From Library Journal

Last year, conservative polemicist David Frum asserted in How We Got Here (LJ 2/15/00) that it was the Seventies rather than the Sixties that defined the final quarter of the American century. Historian Schulman (Boston Univ.; From Cotton Belt to Sun Belt) starts and ends with the same premise but keeps his ideological perspectives under wraps in this consistently incisive and interpretative account of America from Nixon's second term through Reagan's first. Schulman masterfully summarizes the essential policy approaches of each administration during an era of isolationist sentiment, mistrust of government, hedonism, and disillusionment with New Deal liberalism.
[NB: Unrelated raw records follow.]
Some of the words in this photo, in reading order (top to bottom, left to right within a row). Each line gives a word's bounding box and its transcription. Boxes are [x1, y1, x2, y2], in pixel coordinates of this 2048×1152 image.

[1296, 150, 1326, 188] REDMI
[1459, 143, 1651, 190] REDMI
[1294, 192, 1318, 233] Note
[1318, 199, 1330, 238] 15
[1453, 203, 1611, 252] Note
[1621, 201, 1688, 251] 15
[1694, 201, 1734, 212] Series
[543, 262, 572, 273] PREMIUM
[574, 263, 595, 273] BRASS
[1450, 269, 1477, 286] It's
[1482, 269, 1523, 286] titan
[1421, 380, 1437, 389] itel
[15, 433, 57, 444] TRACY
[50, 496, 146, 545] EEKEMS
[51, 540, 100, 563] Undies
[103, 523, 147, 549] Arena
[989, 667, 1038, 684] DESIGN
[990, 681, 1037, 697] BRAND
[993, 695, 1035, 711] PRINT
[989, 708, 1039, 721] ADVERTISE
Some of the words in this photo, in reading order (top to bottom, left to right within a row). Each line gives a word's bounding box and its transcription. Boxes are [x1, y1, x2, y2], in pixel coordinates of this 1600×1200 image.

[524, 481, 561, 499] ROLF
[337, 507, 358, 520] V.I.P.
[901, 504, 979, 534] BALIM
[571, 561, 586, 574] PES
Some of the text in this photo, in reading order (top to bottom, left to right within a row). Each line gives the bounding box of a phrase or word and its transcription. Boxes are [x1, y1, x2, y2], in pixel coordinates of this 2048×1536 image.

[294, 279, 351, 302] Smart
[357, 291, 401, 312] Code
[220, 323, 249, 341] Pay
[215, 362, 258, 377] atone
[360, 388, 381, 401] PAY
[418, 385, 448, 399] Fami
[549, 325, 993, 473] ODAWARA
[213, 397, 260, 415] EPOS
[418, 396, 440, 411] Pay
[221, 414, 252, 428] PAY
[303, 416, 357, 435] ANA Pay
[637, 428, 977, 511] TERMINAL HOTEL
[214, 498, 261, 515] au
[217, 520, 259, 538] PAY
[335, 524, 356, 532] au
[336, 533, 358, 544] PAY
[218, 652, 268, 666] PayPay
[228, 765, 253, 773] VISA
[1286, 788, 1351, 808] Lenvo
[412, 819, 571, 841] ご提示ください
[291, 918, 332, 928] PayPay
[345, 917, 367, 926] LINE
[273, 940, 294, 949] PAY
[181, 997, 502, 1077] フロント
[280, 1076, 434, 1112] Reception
Comfortable with politics, economics, and a wide range of social phenomena, Schulman is equally penetrating when describing the transformation of the marginal Goldwater New Right into the Reagan majority and reevaluating the culture of disco and significance of Rambo. Indeed, this book only disappoints in its rare omissions; for instance, Schulman never mentions the Iranian hostages and fails to get across the psychological intensity of the energy crisis. Until he gets around to an expanded edition, this is the best first word on the subject, required for academic libraries and worthwhile for most public collections. Scott H. Silverman, Bryn Mawr Coll. Lib., PA
Copyright 2001 Reed Business Information, Inc. -- Dieser Text bezieht sich auf eine vergriffene oder nicht verfügbare Ausgabe dieses Titels.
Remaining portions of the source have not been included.